Stephen DUBNER: It’s great to talk to you, Sarah. Thanks for having me. It is April, which is every taxpayer’s favorite month, of course. I thought today what we should do is take a look at the tax code we’re stuck with for now and see if there are some improvements, however slight, that we should be thinking about.

GARDNER: OK. So what kind of things are we talking about here?

DUBNER: Well, one of the biggest failures of the current system is also the most obvious: the I.R.S. fails to collect a huge portion of the taxes that are levied — that are legitimately owed. So about 17 percent of the total tax bill, which is more than $450 billion a year.

GARDNER: Whoa! What? Say that again. 17 percent! That’s pretty astounding.

DUBNER: It’s a big number. It’s called the “tax gap.” It’s about $450 billion a year. The biggest contributor to this gap, by far, is very simple — cash. It’s all the cash that people earn and simply don’t report to the I.R.S. Austan Goolsbee was the top White House economist under President Obama. We asked him why the government doesn’t go after all that easy money.
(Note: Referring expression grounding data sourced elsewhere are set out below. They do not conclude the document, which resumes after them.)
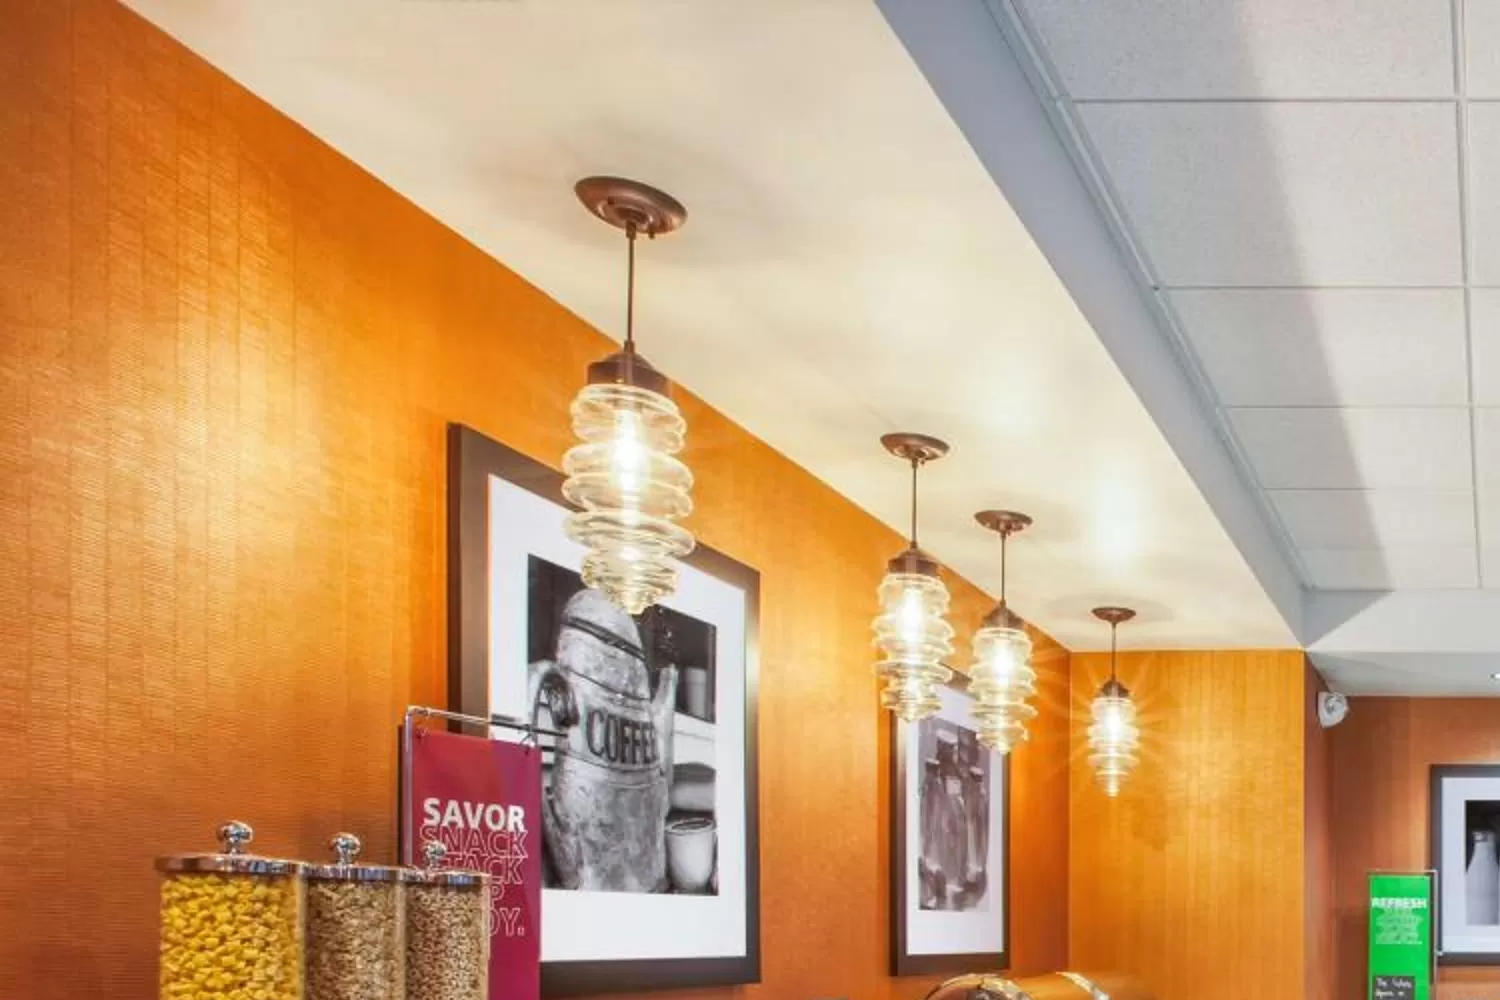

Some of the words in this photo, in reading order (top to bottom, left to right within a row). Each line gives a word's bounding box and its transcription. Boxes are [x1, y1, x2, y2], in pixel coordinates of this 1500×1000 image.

[586, 706, 660, 764] COFFEE
[423, 797, 526, 832] SAVOR
[419, 823, 529, 858] SNACK
[1371, 897, 1427, 909] REFRESH
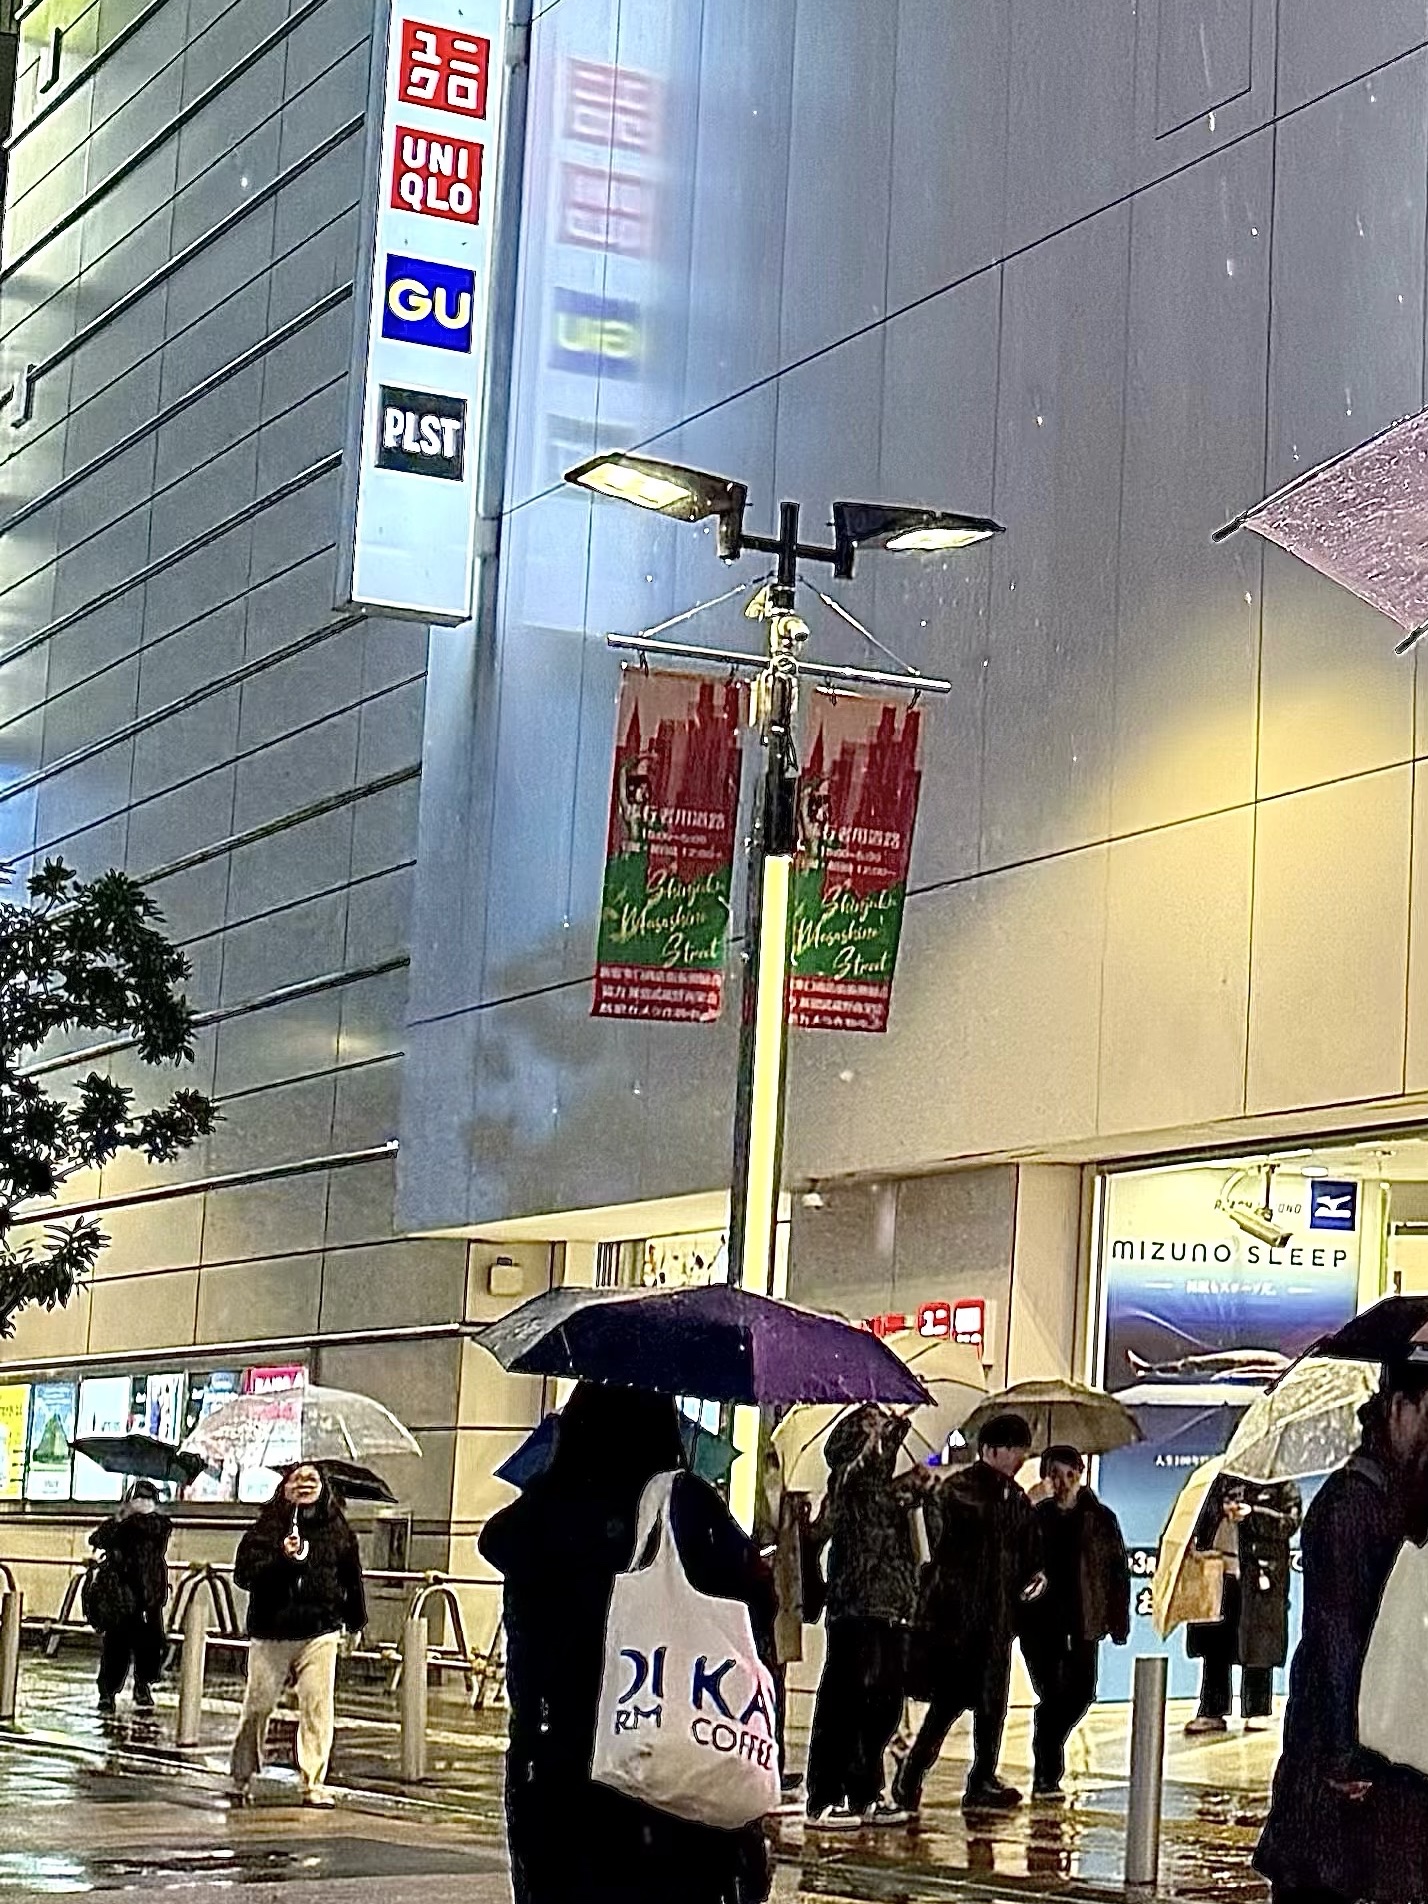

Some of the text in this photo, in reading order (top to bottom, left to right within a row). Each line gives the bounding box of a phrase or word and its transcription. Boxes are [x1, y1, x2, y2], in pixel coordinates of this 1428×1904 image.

[411, 29, 481, 75] ユニ
[406, 66, 479, 110] クロ
[402, 135, 469, 180] UNI
[400, 172, 473, 215] QLO
[387, 277, 472, 330] GU
[383, 407, 461, 458] PLST
[661, 932, 718, 968] Street
[834, 945, 887, 980] Street
[1246, 1245, 1348, 1268] SLEEP
[692, 1654, 775, 1739] KA
Austan GOOLSBEE: Most of the non-collected money, for example, could be tracked and hunted down if you required small businesses to really report everything about their activity. But nobody wants to do that because it would be so onerous and such a pain in the rear for small business owners that, as a policy decision, they don’t want to do it.

GARDNER: So, in other words Stephen, politically it’s too dangerous. It’d be like “The Small Business Harassment Act” if they went after small businesses really hard.
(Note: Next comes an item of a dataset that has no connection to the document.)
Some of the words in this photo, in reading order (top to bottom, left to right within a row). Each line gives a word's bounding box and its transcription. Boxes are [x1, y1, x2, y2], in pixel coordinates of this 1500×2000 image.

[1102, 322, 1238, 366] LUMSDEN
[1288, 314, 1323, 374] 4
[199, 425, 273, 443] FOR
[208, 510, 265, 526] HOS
DUBNER: Exactly. Even though these people are supposed to be paying taxes on that money. And even though, interestingly, the rest of us, who don’t pocket a lot of unreported cash — we’re subsidizing them. That’s not to say there aren’t ways to nudge people to pay their taxes without “hunting and tracking them down,” as Austan Goolsbee says. One of my favorite examples of this comes from a small unit in the British government called the Behavioral Insights Team. What they do is experiment with all kinds of cheap and simple nudges. For instance, sending out letters that appeal to the herd mentality in all of us. Here is the unit’s director, David Halpern:

David HALPERN: So what we do is we simply tell people something, which is true, which is 9 out of 10 people in Britain pay their tax on time. And by putting that single bit of information into the top of a letter, it makes people much more likely themselves to pay the tax on time.
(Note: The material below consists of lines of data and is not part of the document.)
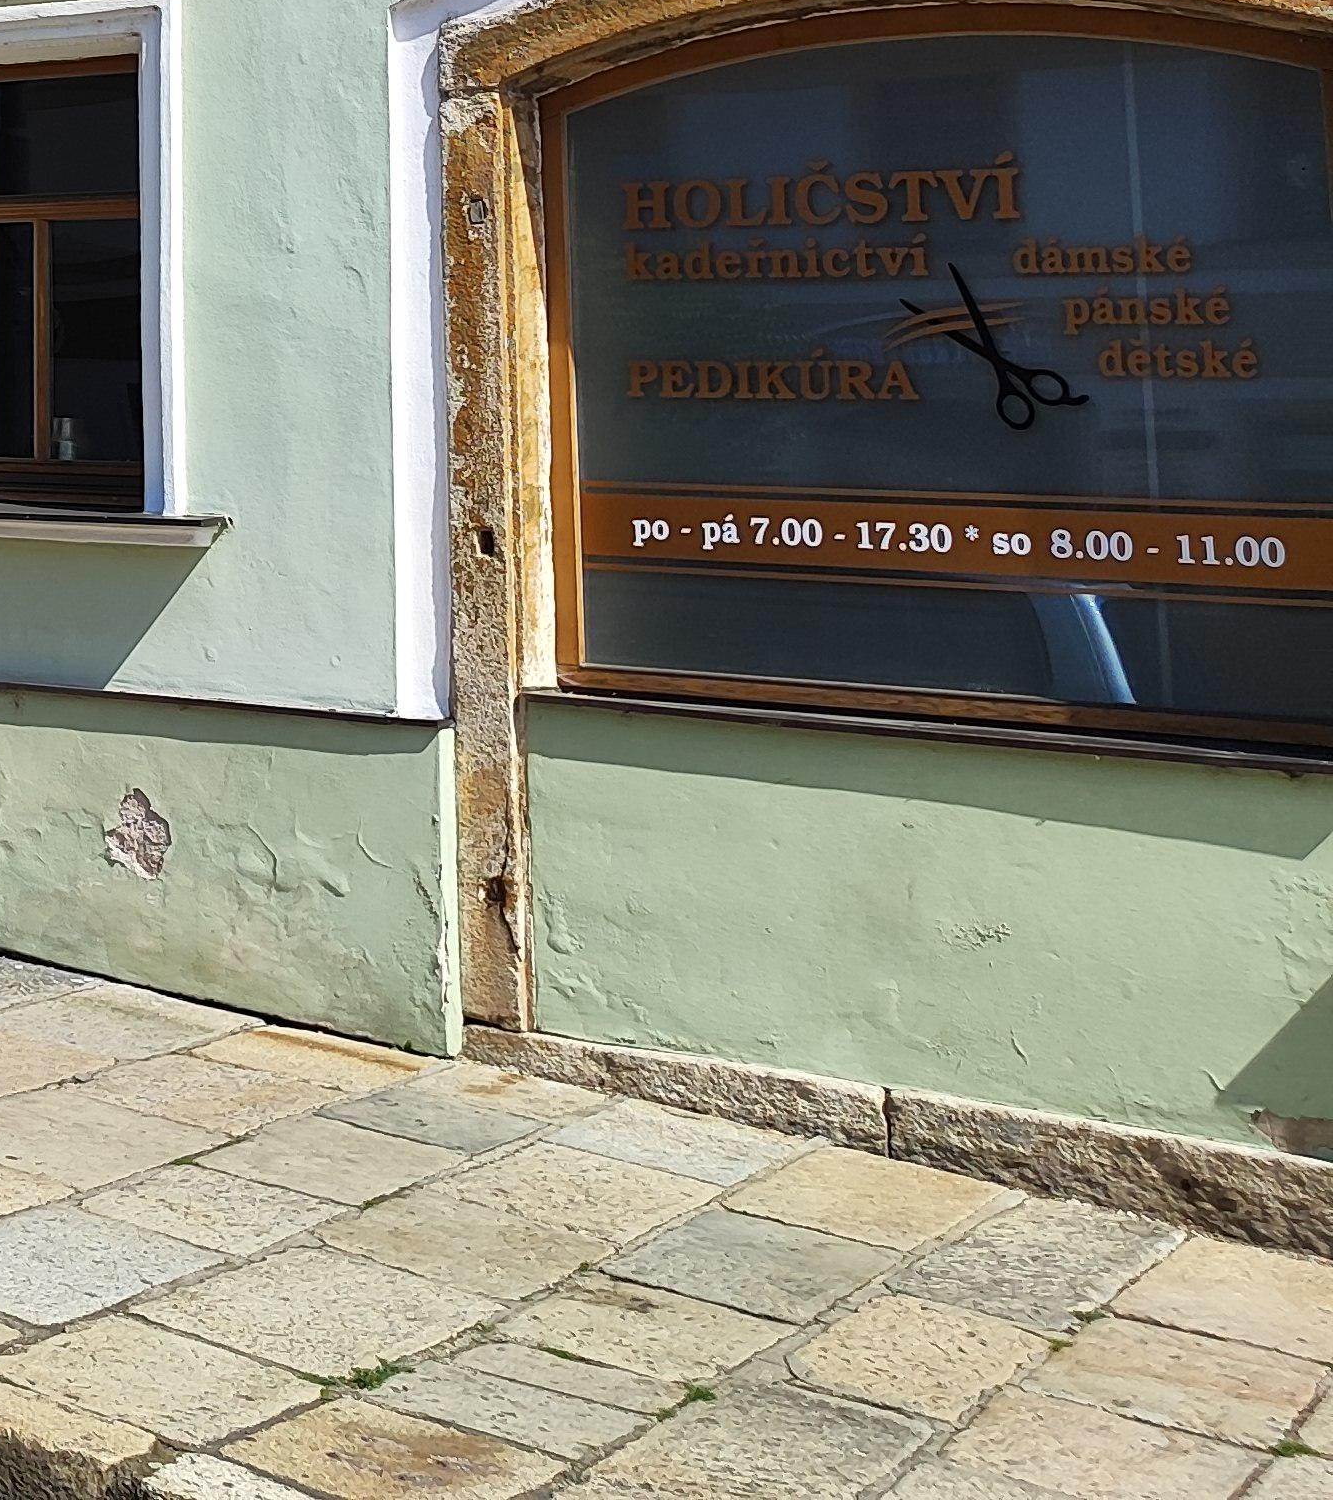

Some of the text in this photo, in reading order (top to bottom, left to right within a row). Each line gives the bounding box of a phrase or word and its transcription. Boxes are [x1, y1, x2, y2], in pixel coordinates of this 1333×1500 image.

[622, 154, 1021, 230] HOLIČSTVÍ
[1013, 235, 1193, 276] dámské
[1062, 285, 1232, 335] pánské
[627, 348, 919, 401] PEDIKÚRA
[1097, 339, 1259, 380] dětské
[632, 517, 670, 546] po
[702, 513, 740, 550] pá
[749, 518, 823, 547] 7.00
[856, 521, 953, 553] 17.30
[992, 533, 1032, 556] so
[1050, 530, 1133, 563] 8.00
[1176, 534, 1286, 568] 11.00
GARDNER: So it’s peer pressure?

DUBNER: That’s exactly right — we like to run with the herd. They also tried another super simple trick, which was just handwriting a message on the outside of the tax envelope. This message would just say simply that the contents are important, but it’s written in hand.

HALPERN: Of course people are like ‘oh my God, but how can that possibly be practical?’ Well, we’ve now just got the results in. It turns out that for every pound or every dollar that you spend on getting, you know, someone to write on the envelope, you get $2,000 return. A one to 2,000 return. So it’s a nice simple illustration of these small things and how consequential they are.

GARDNER: So it sounds like peer pressure and the personal touch. Those aren’t bad ideas, really.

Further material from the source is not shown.